Respondents were drawn from a single institution, and were predominantly male and Caucasian, all of which may limit generalizability, given evidence of higher rates of HF-related hospitalizations in black and Hispanic populations.51,52 However, given prior studies demonstrating barriers to and misconceptions regarding PC among these populations53,54 we expect that our findings would be reinforced in this population. Thirty percent of our respondents had NYHA II disease, and may not have experienced a serious decline in health prompting insight into future care needs. Identification of themes in this type of study is inherently subjective and variable depending on the coder; however, our methodology was sound and consistent with that employed by other researchers. Our sample was small but large enough to support thematic saturation based on observations that themes can emerge in as few as 6 interviews, and thematic saturation be achieved after 12.32

Conclusions

In this sample of adults with HF, many participants demonstrated limited knowledge about PC and its role in their disease management; many persistently conflated PC with hospice. Preferences and motivations for models of PC (primary and/or specialty) varied by respondent, but predominantly centered on end- or late-stage disease. Further research is needed to delineate mechanisms for early integration of PC into HF, to increase provision of primary PC in HF management, and to develop mechanisms for improving awareness of PC among patients and providers.

Acknowledgments

The authors acknowledge study assistance from the following individuals: Adelina Malito, Zach Hoydich, Ramy Khalil, and Megan Hamm.

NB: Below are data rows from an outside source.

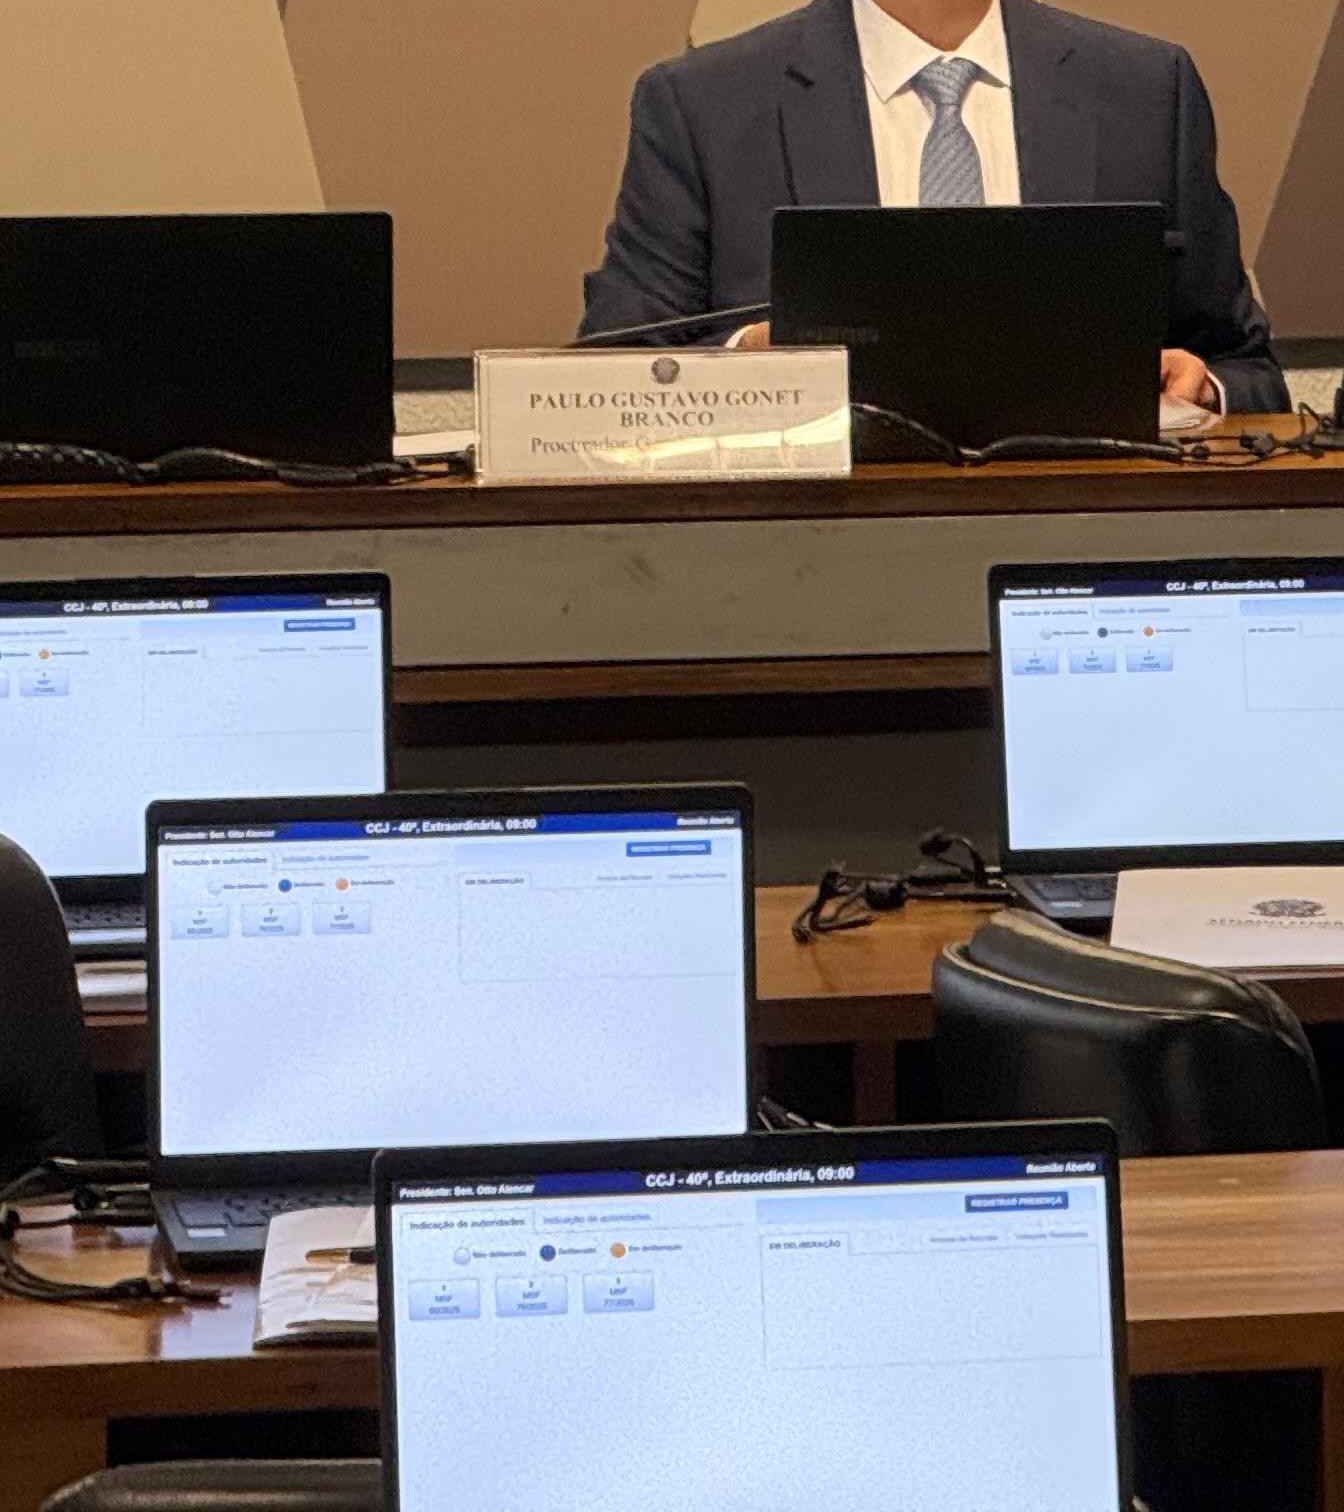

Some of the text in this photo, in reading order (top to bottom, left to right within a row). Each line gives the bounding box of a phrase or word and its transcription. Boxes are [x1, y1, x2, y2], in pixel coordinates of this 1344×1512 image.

[529, 389, 803, 409] PAULO GUSTAVO GONET
[619, 410, 716, 428] BRANCO
[365, 822, 390, 834] CCJ
[645, 1172, 675, 1188] CCJ
[715, 1168, 815, 1185] Extraordinária,
[817, 1166, 855, 1181] 09:00

Appendix Table A1. Semistructured Interview Guide

Domain Question
Physical aspects of care Thinking about your HF, which symptoms most affect your quality of life?
Psychological aspects of care Many people living with HF say they experience depression, sadness, or anxiety. I am curious about your experiences with depression or anxiety since you were diagnosed with HF. Have you had any feelings of sadness or depression? What about feelings of anxiety?
Social aspects of care How do you feel that your HF has impacted your relationships with your loved ones?
Spiritual aspects of care What role does spirituality play in your life? How do your spiritual practices impact how you deal with having HF?
Ethical and legal aspects of care (i.e., advance care planning) Do you have a cardiac device, like a defibrillator, or a pump? What kind of discussions have you and your cardiologist had about that device if your HF gets worse?
Outcomes that matter to patients with HF What are you hoping to get out of your health care regarding HF?
Perceptions of supportive care How familiar are you with the term “supportive care”? Can you please tell me what you know, or what you have heard about it?
Perceptions of PC Do you think there will come a point in the progression of your HF where you would like to see a PC specialist? What would that/those points be?
Closing Given everything we have talked about today, what does/would high-quality HF care look like to you?

HF, heart failure; PC, palliative care.

Funding Information

This study was supported by the Agency for Health care Research and Quality (K12HS022989; Rockville, MD), and the National Palliative Care Research Center (New York, NY). Dr. Kavalieratos also received research support from the National Heart Lung and Blood Institute (K01HL133466; Bethesda, MD).

Author Disclosure Statement

No competing financial interests exist.